Each line of the data must be written out again verbatim; no image belongs in the copy.

• [RECORDS FOR THE EXERCISE]:
══════════════════════════════

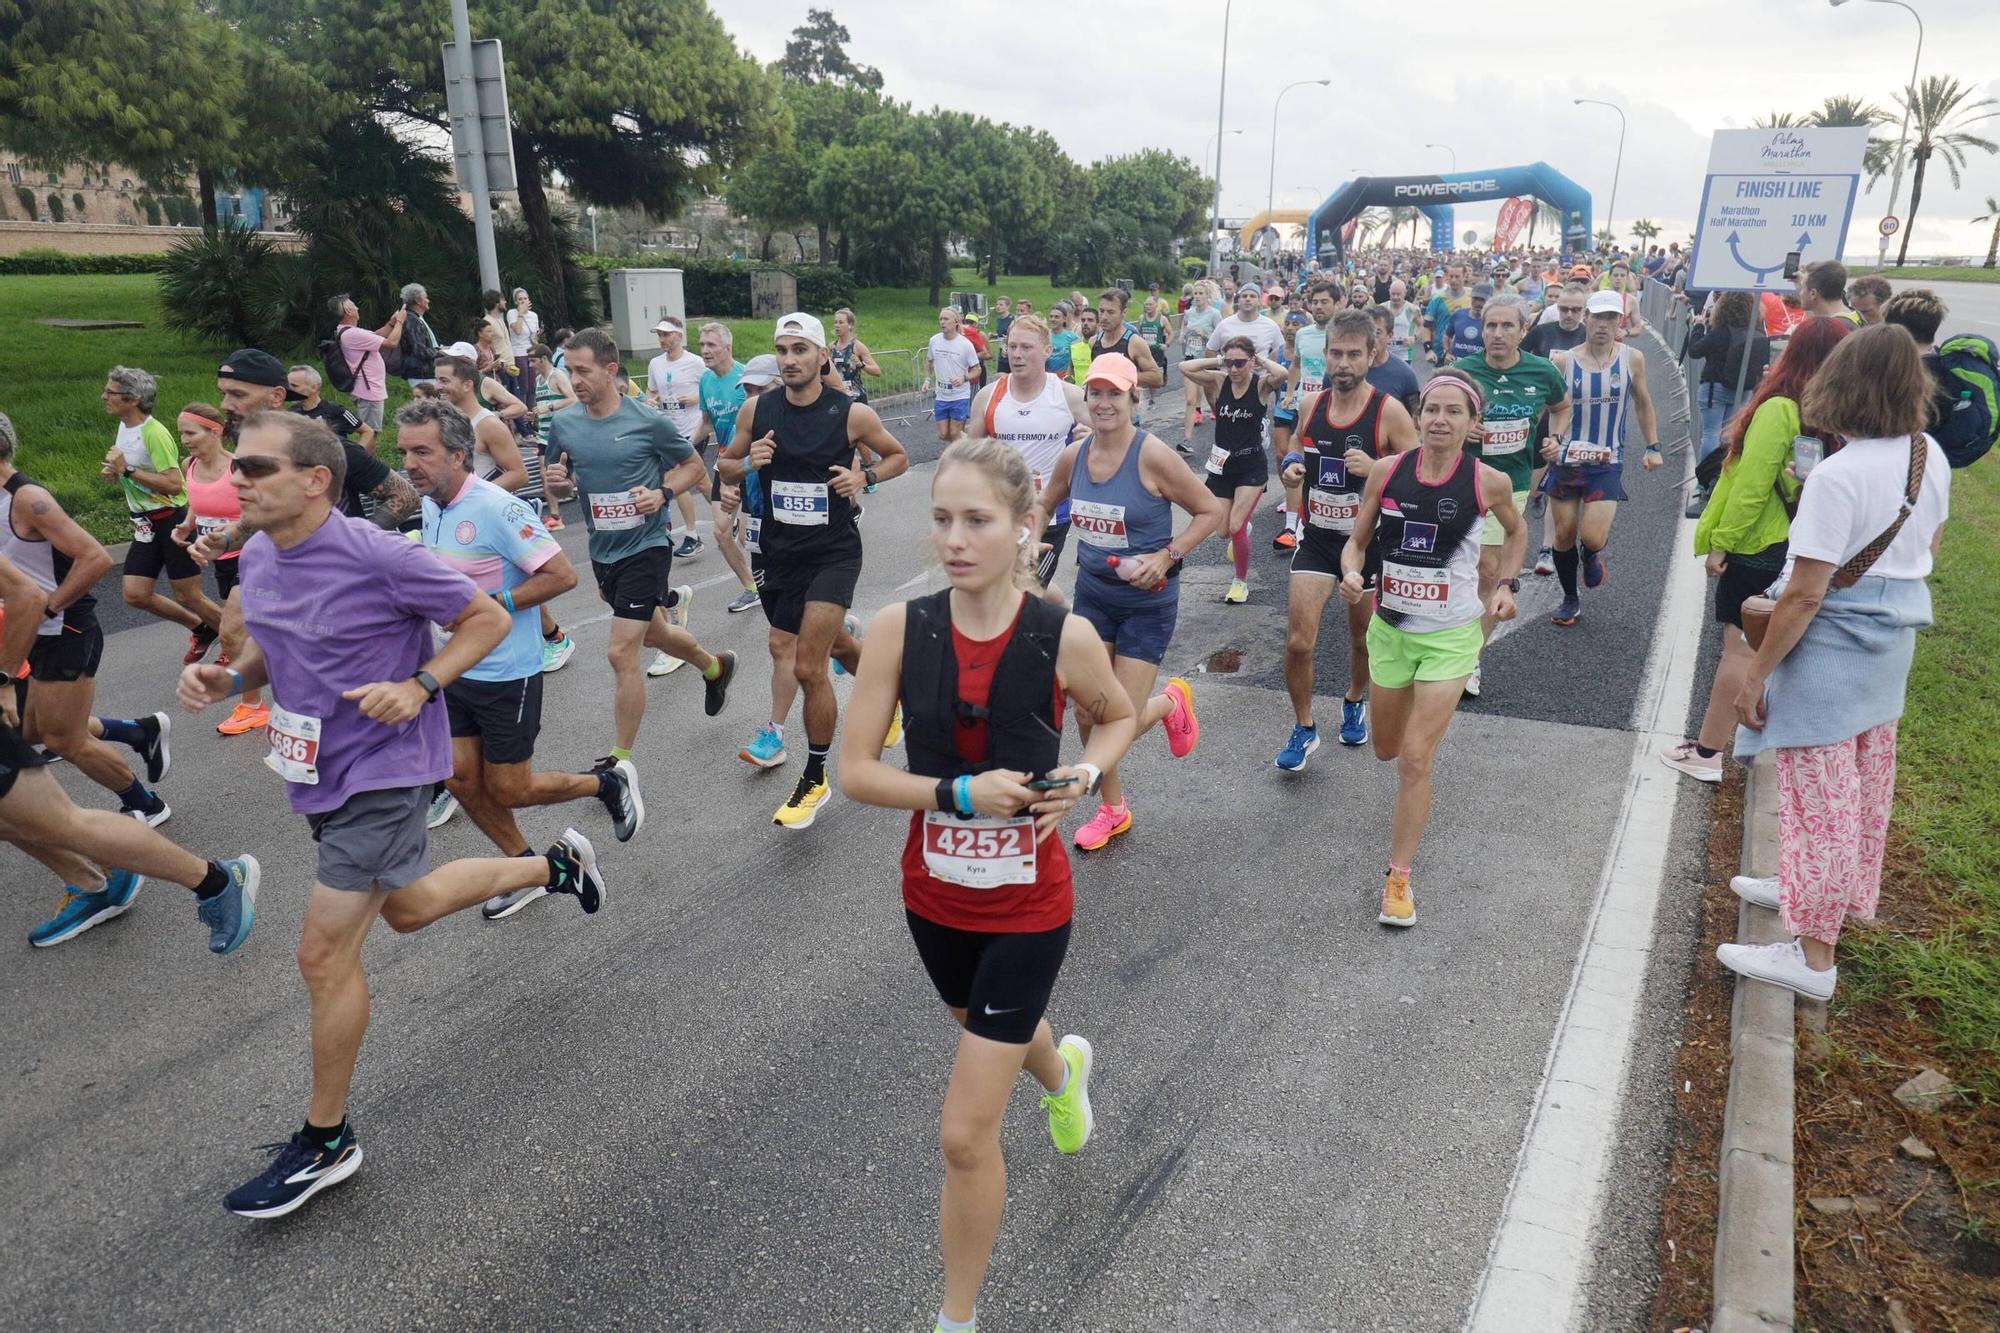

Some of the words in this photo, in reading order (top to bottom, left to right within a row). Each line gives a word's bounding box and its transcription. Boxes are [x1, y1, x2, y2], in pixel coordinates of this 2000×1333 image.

[1771, 132, 1804, 146] Palma
[1760, 145, 1811, 159] Marathon
[1394, 179, 1497, 197] POWERADE
[1736, 181, 1787, 198] FINISH
[1788, 181, 1823, 198] LINE
[1721, 206, 1760, 217] Marathon
[1710, 217, 1728, 228] Half
[1729, 217, 1767, 227] Marathon
[1791, 214, 1806, 227] 10
[1808, 214, 1827, 227] KM
[1017, 433, 1047, 441] FERMOY
[1489, 430, 1524, 444] 4096
[1319, 471, 1340, 484] AXA
[782, 496, 815, 511] 855
[1313, 502, 1353, 519] 3089
[598, 504, 636, 518] 2529
[1077, 515, 1117, 534] 2707
[1408, 536, 1428, 549] AXA
[1389, 579, 1440, 600] 3090
[936, 827, 1020, 857] 4252
[966, 865, 987, 875] Kyra

══════════════════════════════

• [SOLUTION BELOW]:
Some of the words in this photo, in reading order (top to bottom, left to right within a row). Each line gives a word's bounding box and its transcription. Boxes are [x1, y1, x2, y2], in pixel coordinates of this 2000×1333 image.

[1771, 132, 1804, 146] Palma
[1760, 145, 1811, 159] Marathon
[1394, 179, 1497, 197] POWERADE
[1736, 181, 1787, 198] FINISH
[1788, 181, 1823, 198] LINE
[1721, 206, 1760, 217] Marathon
[1710, 217, 1728, 228] Half
[1729, 217, 1767, 227] Marathon
[1791, 214, 1806, 227] 10
[1808, 214, 1827, 227] KM
[1017, 433, 1047, 441] FERMOY
[1489, 430, 1524, 444] 4096
[1319, 471, 1340, 484] AXA
[782, 496, 815, 511] 855
[1313, 502, 1353, 519] 3089
[598, 504, 636, 518] 2529
[1077, 515, 1117, 534] 2707
[1408, 536, 1428, 549] AXA
[1389, 579, 1440, 600] 3090
[936, 827, 1020, 857] 4252
[966, 865, 987, 875] Kyra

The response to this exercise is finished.